● **WHAT IS NEEDED**: Below are some entries; reproduce them exactly and leave every picture out.

(Spatial localization data)
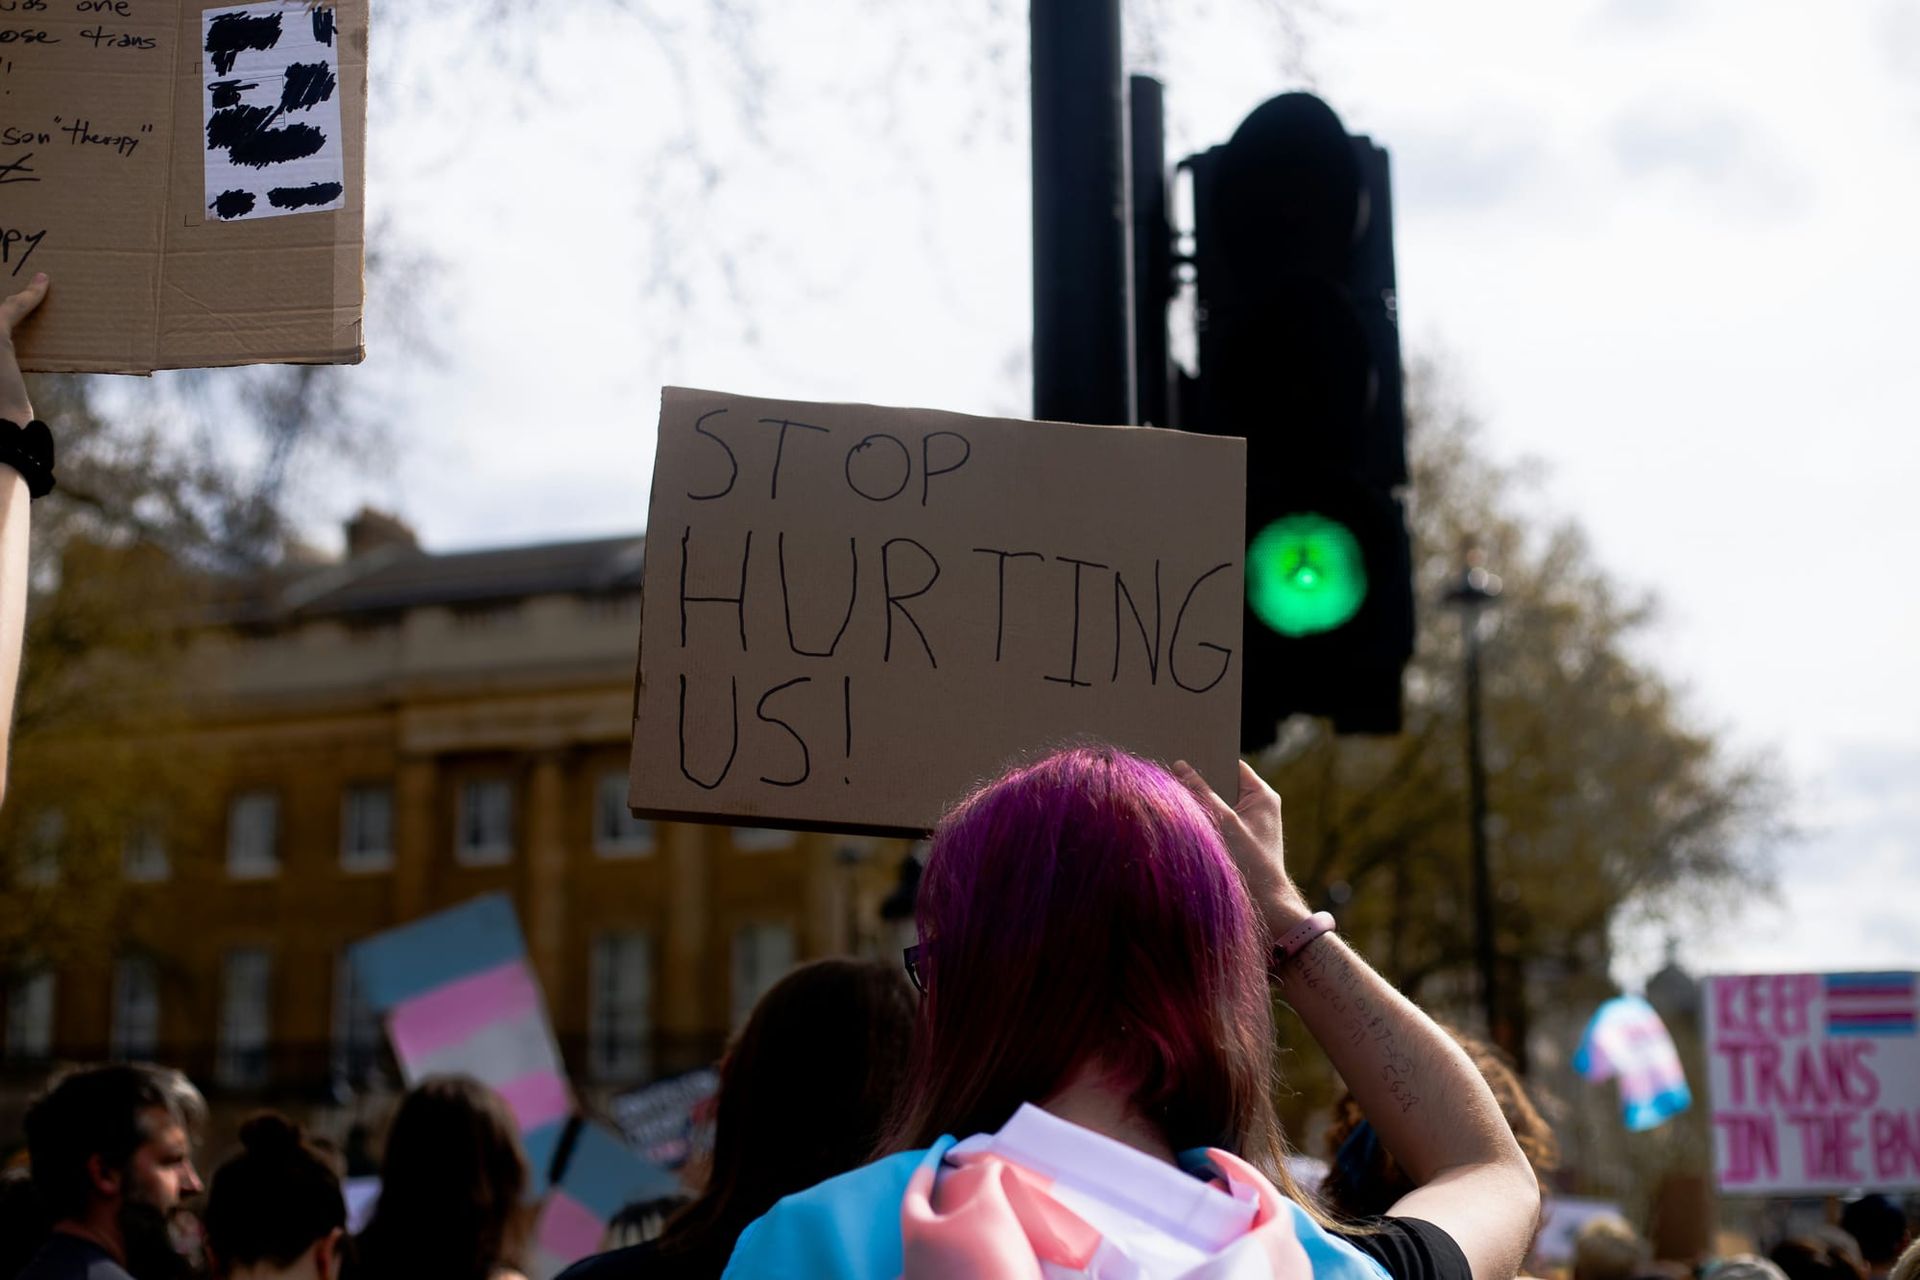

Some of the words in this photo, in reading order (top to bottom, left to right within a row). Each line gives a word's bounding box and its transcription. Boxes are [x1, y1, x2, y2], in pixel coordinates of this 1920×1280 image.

[76, 0, 131, 17] one
[80, 25, 156, 49] trans
[0, 229, 47, 276] py
[687, 408, 970, 506] STOP
[680, 525, 1232, 693] HURTING
[679, 673, 851, 790] US!
[1714, 976, 1820, 1037] KEEP
[1715, 1040, 1880, 1108] TRANS
[1713, 1112, 1782, 1184] IN
[1787, 1110, 1864, 1184] THE

● **ANSWER SECTION**:
Some of the words in this photo, in reading order (top to bottom, left to right within a row). Each line gives a word's bounding box and its transcription. Boxes are [x1, y1, x2, y2], in pixel coordinates of this 1920×1280 image.

[76, 0, 131, 17] one
[80, 25, 156, 49] trans
[0, 229, 47, 276] py
[687, 408, 970, 506] STOP
[680, 525, 1232, 693] HURTING
[679, 673, 851, 790] US!
[1714, 976, 1820, 1037] KEEP
[1715, 1040, 1880, 1108] TRANS
[1713, 1112, 1782, 1184] IN
[1787, 1110, 1864, 1184] THE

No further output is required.